The authors note three medications are currently approved by the U.S. Food and Drug Administration (FDA) to help people stop or reduce their drinking and prevent a return to drinking: disulfiram, naltrexone, and acamprosate. All these medications are non-addictive, and may be used alone or combined with counseling or mutual-support groups.
Disulfiram (e.g. Antabuse) was the first FDA-approved drug for the treatment of alcohol dependence. It inhibits an enzyme, and through a chain of effects causes unpleasant sensations after drinking (i.e., tachycardia, shortness of breath, tachypnea, sensation of heat, anxiety, panic, headache, nausea, and vomiting). The authors note disulfiram looks like a more effective drug in open-label studies compared with naltrexone and acamprosate, but this has yet to be shown true in double-blinded random-controlled trials. The major limitation to taking disulfiram is patient cooperation and that working best with supervised medication compliance. Studies have shown the effect of disulfiram comes from its ability to prevent drinking, as a deterrent, and the best results happen when patients also receive psychoeducational training, family support, and therapy monitoring while taking disulfiram. Due to its ability to produce unpleasant effects when someone drinks, patient compliance can be a problem.

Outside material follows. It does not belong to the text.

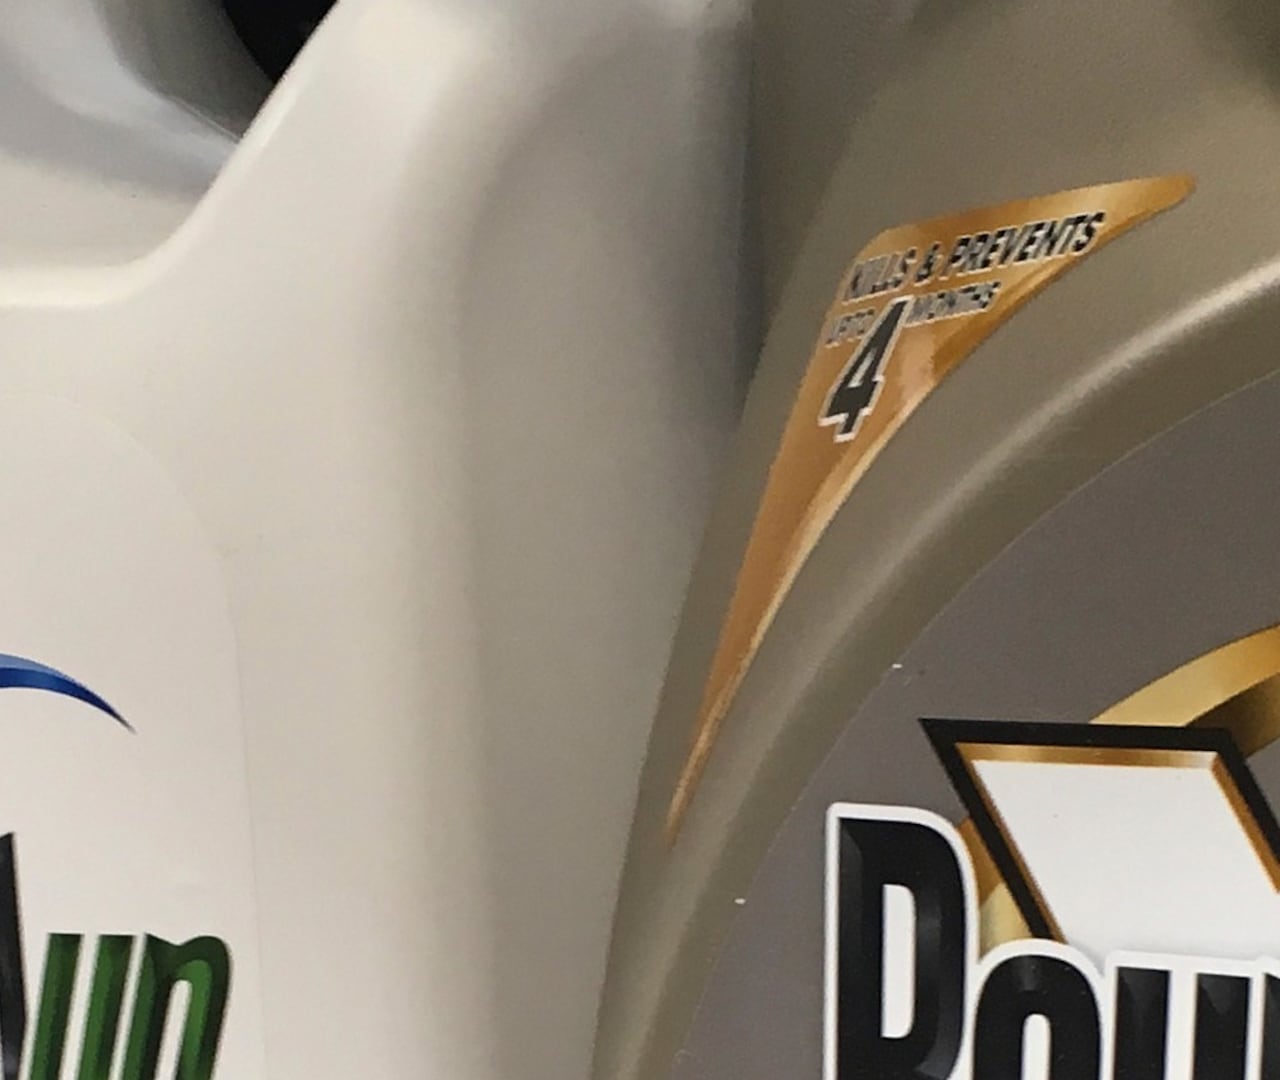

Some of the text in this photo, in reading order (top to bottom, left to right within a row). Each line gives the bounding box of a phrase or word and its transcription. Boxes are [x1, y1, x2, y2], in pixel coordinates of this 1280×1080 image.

[840, 245, 918, 306] KILLS
[938, 210, 1106, 280] PREVENTS
[819, 295, 913, 443] 4

Naltrexone (e.g. Revia, Vivitrol) is associated with the suppression of the reward system and reduction of the pleasure experienced after drinking. Naltrexone was approved by the FDA for medication-assisted therapy of alcoholism in 1984, including in extended-release form. It is also used for opioid dependence. Naltrexone can have some side effects at higher doses. In a study that examined a large group of studies, naltrexone was more effective than acamprosate in reducing heavy drinking and alcohol craving, especially if patients underwent detoxification and maintained a sufficiently long abstinence period before starting naltrexone. Both oral and extended-release naltrexone reduce alcohol consumption. Extended-release naltrexone is associated with prolonged abstinence due to improved patient compliance, so it could be considered for people struggling with the problem of alcohol abuse.
Acamprosate (Campral) is approved by the FDA for the treatment of alcohol dependence. It reduces alcohol craving and unpleasant withdrawal symptoms, improves abstinence rates and physician cooperation, and is associated with significantly higher treatment completion rates. A Cochrane review (a very rigorous method of gathering and summarizing a large number of different research studies) of acamprosate found it reduced alcohol consumption compared with a placebo. Acamprosate is used primarily to achieve and maintain complete abstinence rather than reduce or prevent relapse. Combined with psychosocial interventions it may help improve abstinence maintenance outcomes in people with serious use disorders.
If you’re interested in medically-managed alcohol detox, different medications are used for that. Alcohol withdrawal can be life threatening. You wouldn’t want to try a self-directed home detox for alcohol; to be safe, have a competent and skilled medical professional guide your detox from alcohol.
For those that might be interested, there’s a helpful “Understanding Alcohol Use Disorder” fact sheet at the NIAAA website.
1Stokłosa I, Więckiewicz G, Stokłosa M, Piegza M, Pudlo R, Gorczyca P. Medications for the Treatment of Alcohol Dependence – Current State of Knowledge and Future Perspectives from a Public Health Perspective. International Journal of Environmental Research and Public Health. 2023. 20(3):1870. doi:10.3390/ijerph20031870.